A Man from the Boulevard des Capucines () is a Red Western comedy film of 1987 (Mosfilm production), with nods to silent film and the transforming power of celluloid.

This film is particularly unusual in Soviet cinema for two reasons: first, it was directed by one of the few female Soviet directors of any stature, Alla Surikova, and second it was a rare post-modernist Soviet outing.

The film had the highest ratings in the Soviet Union in 1987, with 60 million viewers.

Plot

Mr. John First (Johnny) is a cinematographer traveling to Santa Carolina when he is stopped by a band of robbers, headed by Black Jack.

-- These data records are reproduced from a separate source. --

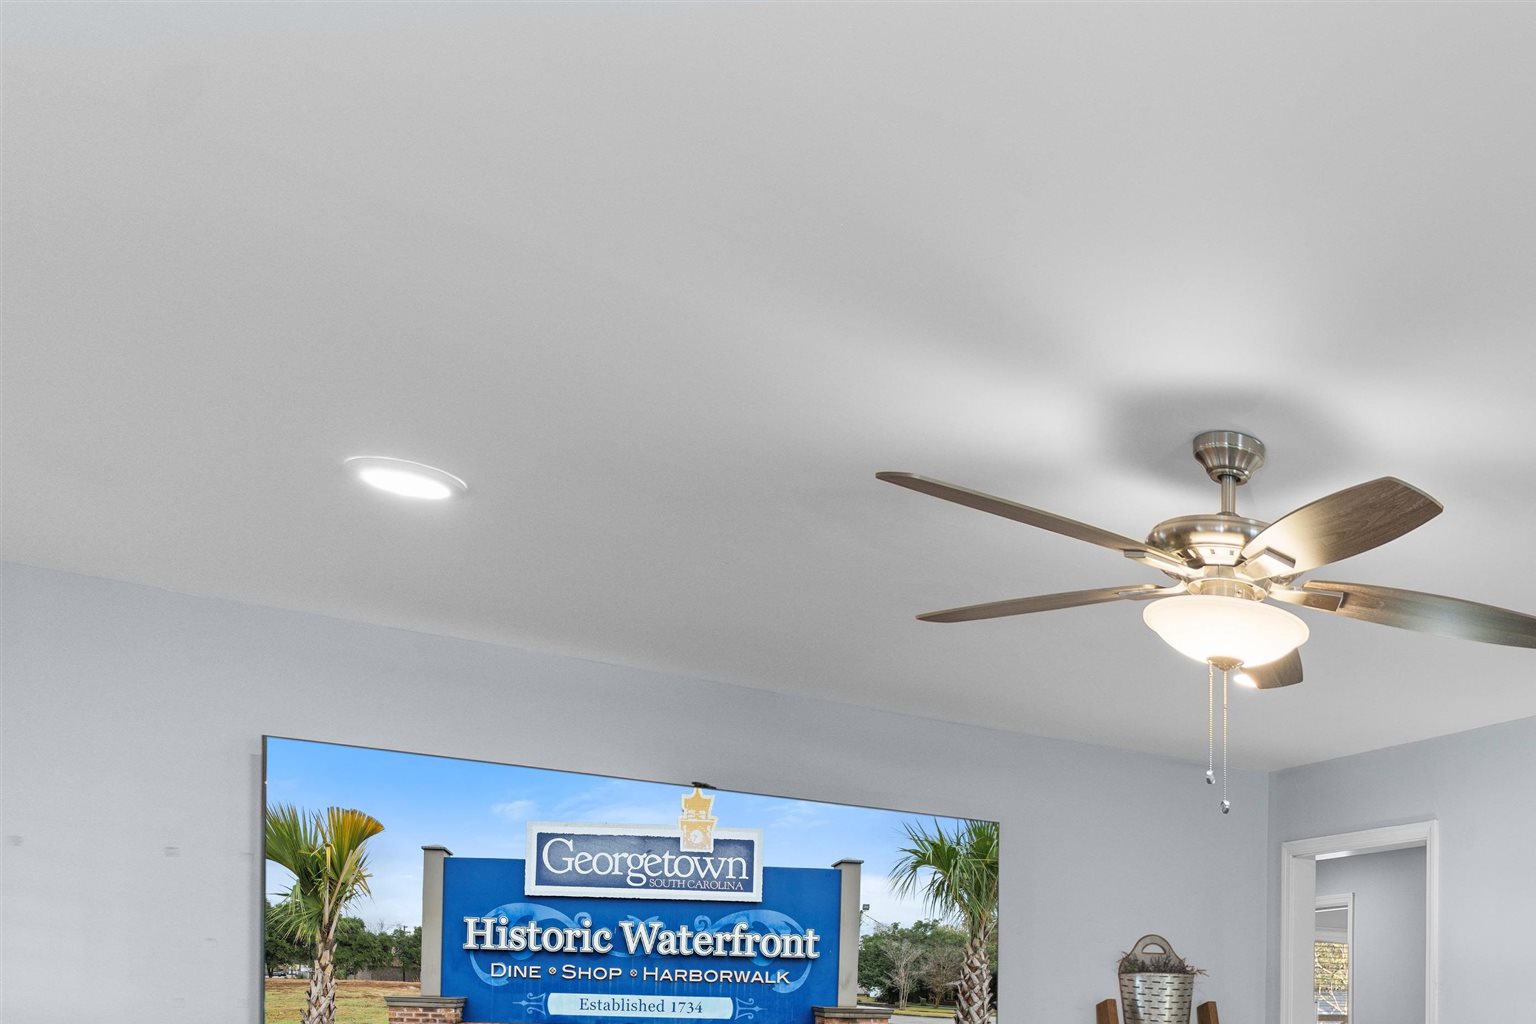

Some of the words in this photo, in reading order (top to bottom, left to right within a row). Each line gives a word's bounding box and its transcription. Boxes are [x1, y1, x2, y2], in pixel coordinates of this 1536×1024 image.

[542, 837, 749, 887] Georgetown
[649, 878, 685, 889] SOUTH
[687, 879, 744, 891] CAROLINA
[463, 916, 613, 954] Historic
[619, 920, 820, 959] Waterfront
[579, 997, 665, 1013] Established
[671, 1001, 703, 1014] 1734

Johnny is the only one who does not pull out a gun and fight during the midst of the action and is thus questioned by Black Jack as to why. He then takes the book which Johnny is so fervently looking through and ends up mistaking it for a Bible, until he notices that it contains several blank pages. Johnny explains that it is a book of World Cinema History. Black Jack quickly loses interest and rides away.

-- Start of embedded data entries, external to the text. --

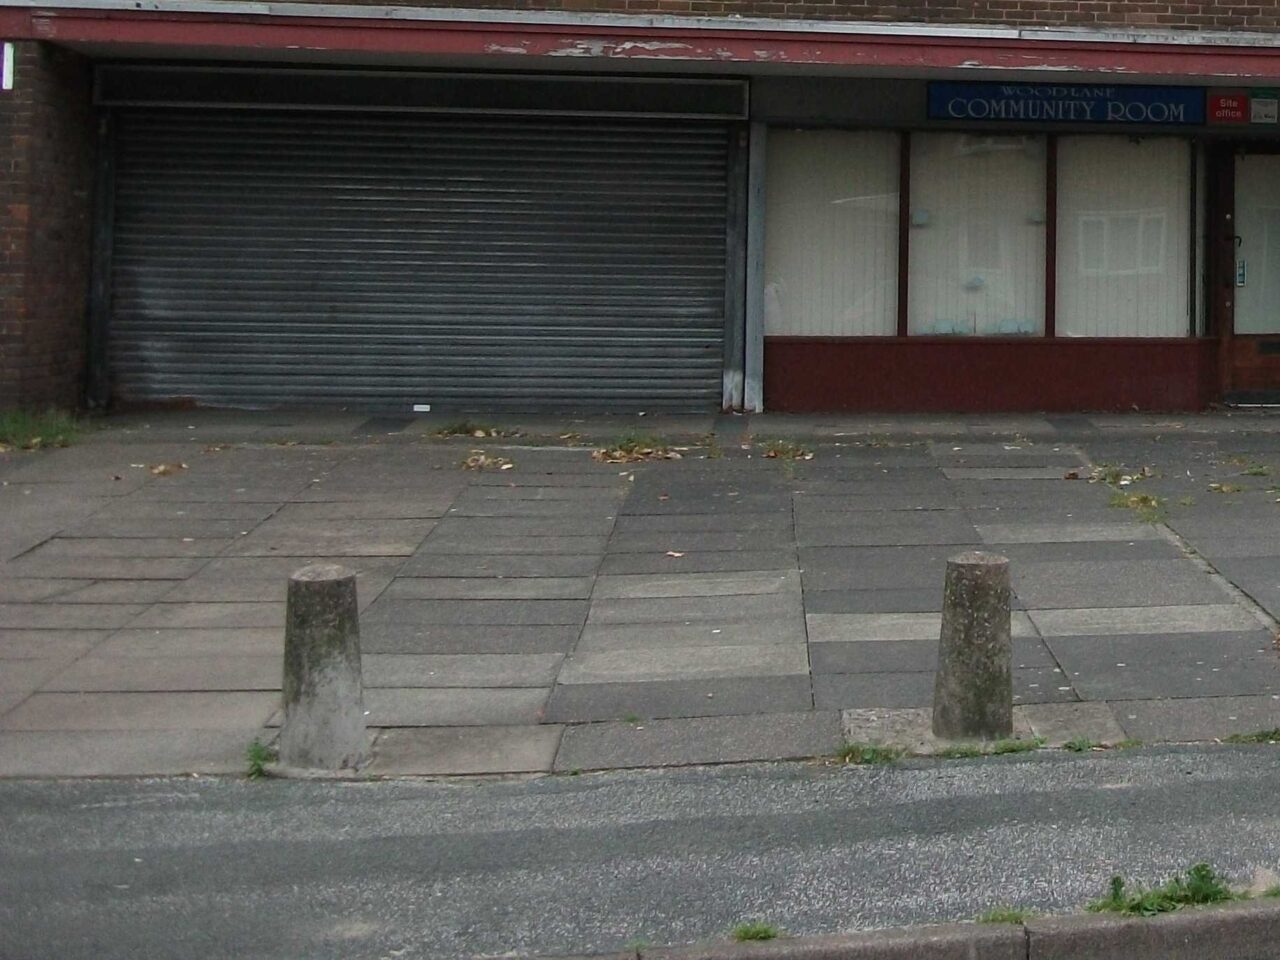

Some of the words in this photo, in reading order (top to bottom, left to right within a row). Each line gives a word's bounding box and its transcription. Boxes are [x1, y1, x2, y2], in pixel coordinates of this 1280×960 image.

[1219, 98, 1239, 108] Site
[948, 97, 1096, 120] COMMUNITY
[1106, 100, 1185, 122] ROOM
[1215, 108, 1242, 118] office
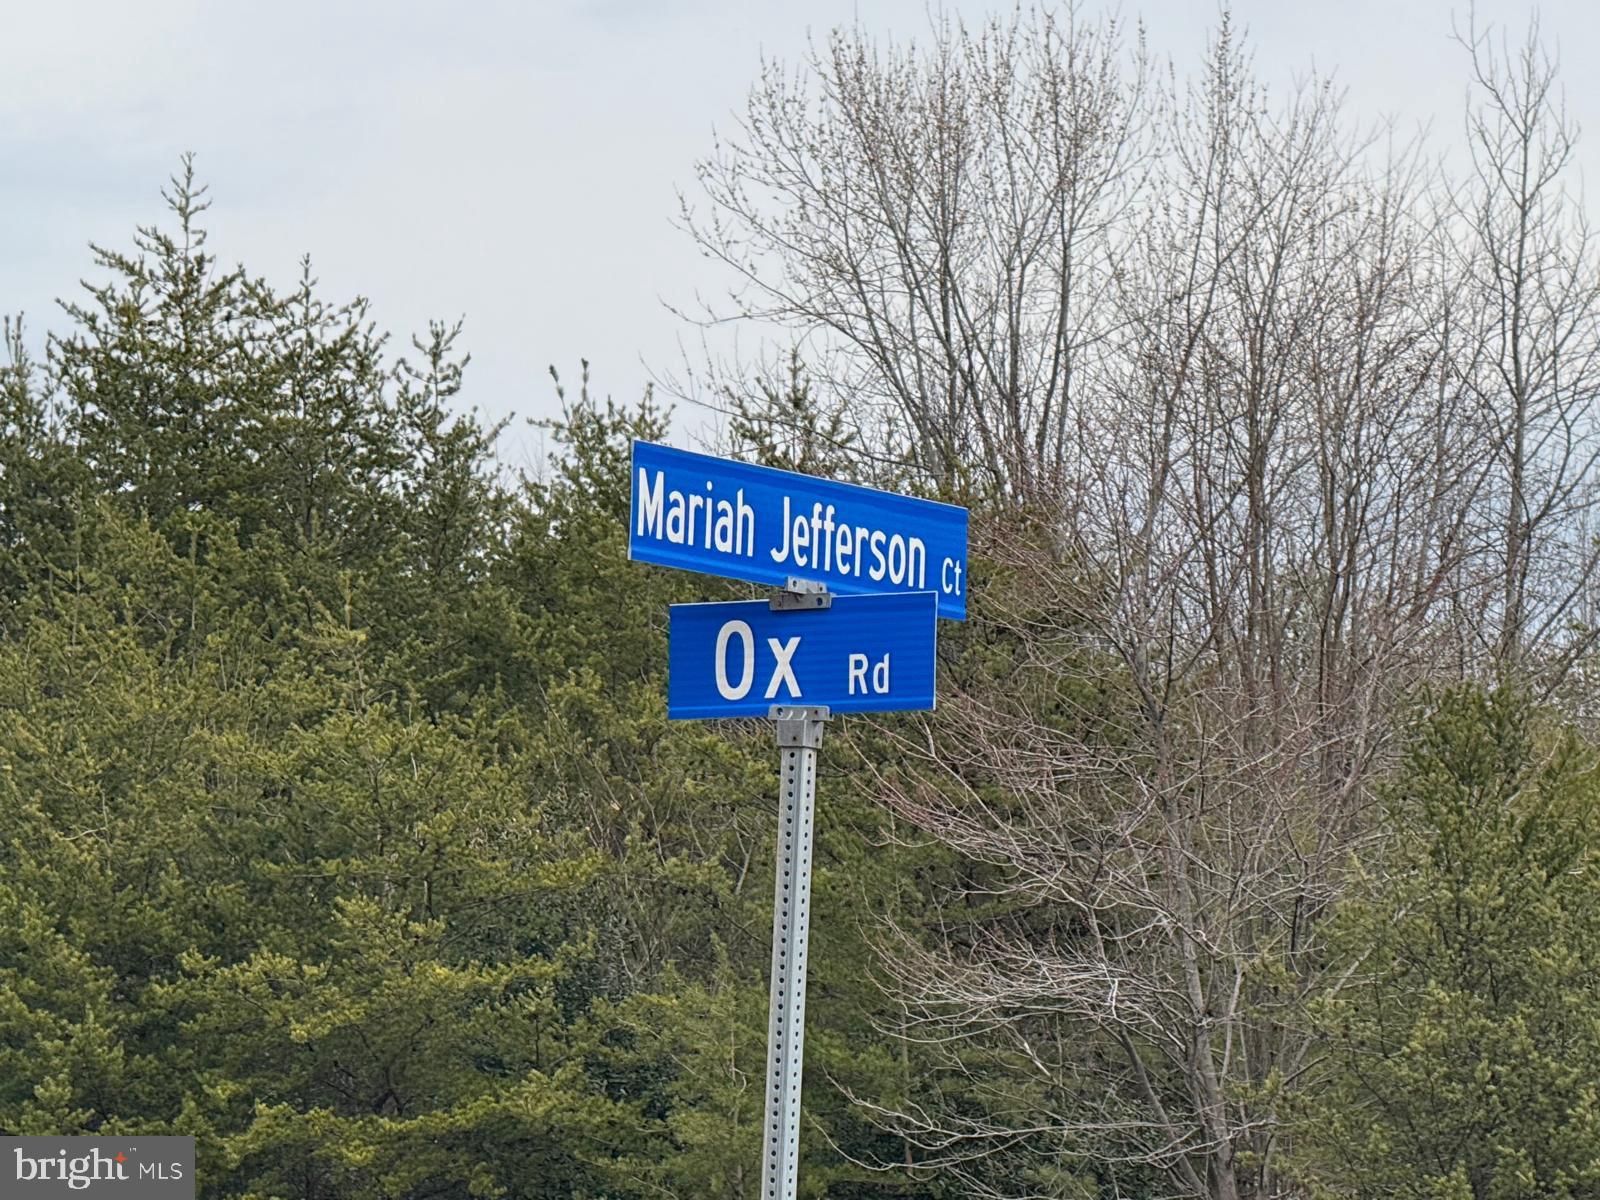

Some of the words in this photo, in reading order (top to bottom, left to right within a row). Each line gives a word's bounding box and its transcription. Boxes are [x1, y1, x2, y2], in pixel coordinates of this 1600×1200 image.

[637, 467, 755, 557] Mariah
[770, 496, 926, 589] Jefferson
[941, 557, 962, 596] Ct
[715, 620, 802, 701] Ox
[848, 652, 890, 695] Rd

When Johnny arrives in Santa Carolina, he comes to the local bar, where a rowdy brawl soon begins. This is an everyday occurrence, as it is how Harry, the owner of the bar, makes a living by making a few hundred a day from damage. Johnny befriends a cowboy named Billy upon entering, and, while watching the dancers, completely falls in love with one named Diana. Billy laughs at him and warns him that "the heart of Miss [Diana] Little is locked tighter than Fort Knox". When Johnny stands up and asks the crowd if anyone has a white sheet, it is but Diana who is in possession of one. What happens next shocks everyone including Diana. Johnny, in all his gentlemanly ways, comes up to Diana, and respectfully kisses her hand. To a girl used to nothing like that, Diana is so pleasantly appalled that she adds that she has two white sheets, and both of them belong to Johnny.

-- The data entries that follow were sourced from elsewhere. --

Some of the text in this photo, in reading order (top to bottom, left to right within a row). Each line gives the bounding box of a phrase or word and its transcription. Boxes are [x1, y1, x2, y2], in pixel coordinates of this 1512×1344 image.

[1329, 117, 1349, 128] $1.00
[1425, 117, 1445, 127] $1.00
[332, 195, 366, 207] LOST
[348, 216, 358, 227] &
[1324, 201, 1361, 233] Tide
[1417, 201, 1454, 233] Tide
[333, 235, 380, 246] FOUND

It all goes downhill from there. When Johnny shows his movies, with the gentlemen who take ladies for walks and tip their hats and say "please" and "thank you", the unruly cowboys begin to change their ways. The only two who do not benefit from this are Harry, who has lost significant profit, and the local pastor, who wants Diana to love him. The latter is in a much worse position, for since Johnny had begun doting on Diana, being the first man in her life to bring her flowers or treat her like a lady in any way, she had completely fallen in love with him and said that her heart will always belong to him.

Although Harry does everything he can, from burning the shed where the films are, to asking Black Jack to murder Johnny, to stealing the white sheet on which the movies were shown, it all seems to slide off the cinematographer's back, until he leaves to find a wedding gift for his beloved Diana. When he returns, he finds all the cowboys reverted to their old ways, due to the coming of Mr. Second, who is also a cinematographer, who shows the cowboys movies with violence (similar to what was later named "splatter film").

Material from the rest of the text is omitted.